Ok thanks. Is that something you simply think of on sight of this question, or it is a method expected to be known???

Well, it's not really expected to know. You can easily think of that on spot if you can see that z + z^-1 = 2cos@ and z - z^-1 = 2isin@ given that z = cis@

But it's from Cambridge as far as I am aware.

 

[anon09]

Yep, my mistake, I didn't read the question properly.

I hope I don't do that in a test!

 

[kaz1]

Ok thanks. Is that something you simply think of on sight of this question, or it is a method expected to be known???

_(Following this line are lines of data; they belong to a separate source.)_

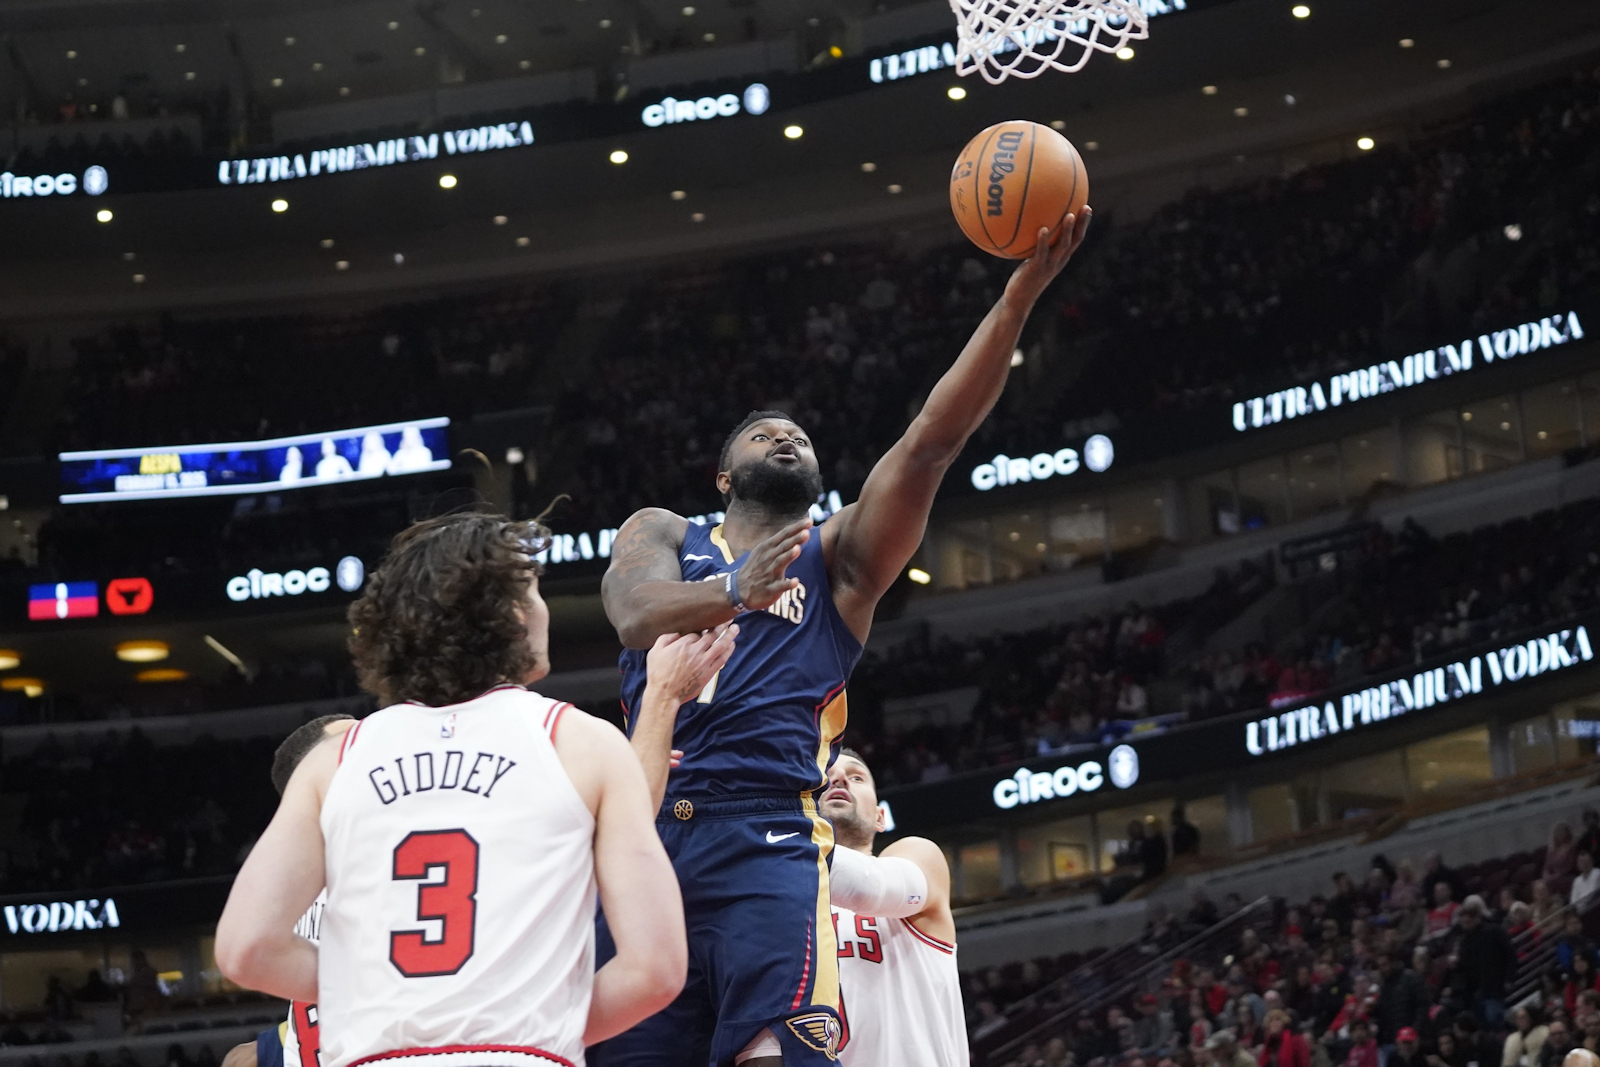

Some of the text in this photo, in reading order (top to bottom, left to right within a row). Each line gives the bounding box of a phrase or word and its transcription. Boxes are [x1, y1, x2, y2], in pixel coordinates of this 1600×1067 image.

[218, 121, 535, 184] ULTRA PREMIUM VODKA
[987, 131, 1025, 217] Wilson
[1233, 311, 1584, 431] ULTRA PREMIUM VODKA
[1246, 625, 1594, 756] ULTRA PREMIUM VODKA
[369, 751, 517, 805] GIDDEY
[4, 898, 120, 934] VODKA
[389, 828, 480, 979] 3

My teacher said you should be able to derive zⁿ+z^-n=2cos nA and zⁿ-z^-n=2isin nA as you cannot just state them in an exam.

 

[lyounamu]

My teacher said you should be able to derive zⁿ+z<SUP>-n</SUP>=2cos nA and zⁿ-z<SUP>-n</SUP>=2isin nA as you cannot just state them in an exam.

Yeah. True.

But in my own 4 unit exam, people just wrote that "formula" and still got a mark for it...I am the one who actually proved it.

 

[youngminii]

But why.. That formula is extremely simple to derive, should be a given.. Better safe than sorry I suppose

 

[Timothy.Siu]

derive that formula? its like 2 steps...
if z=cos a+isin a
zⁿ=cos na+isin na
z^-n=cos -na+isin na=cos na-sin na

therefore zⁿ+z^-n=2cos na

 

[lolokay]

would you get OP's question in a test without the lead in?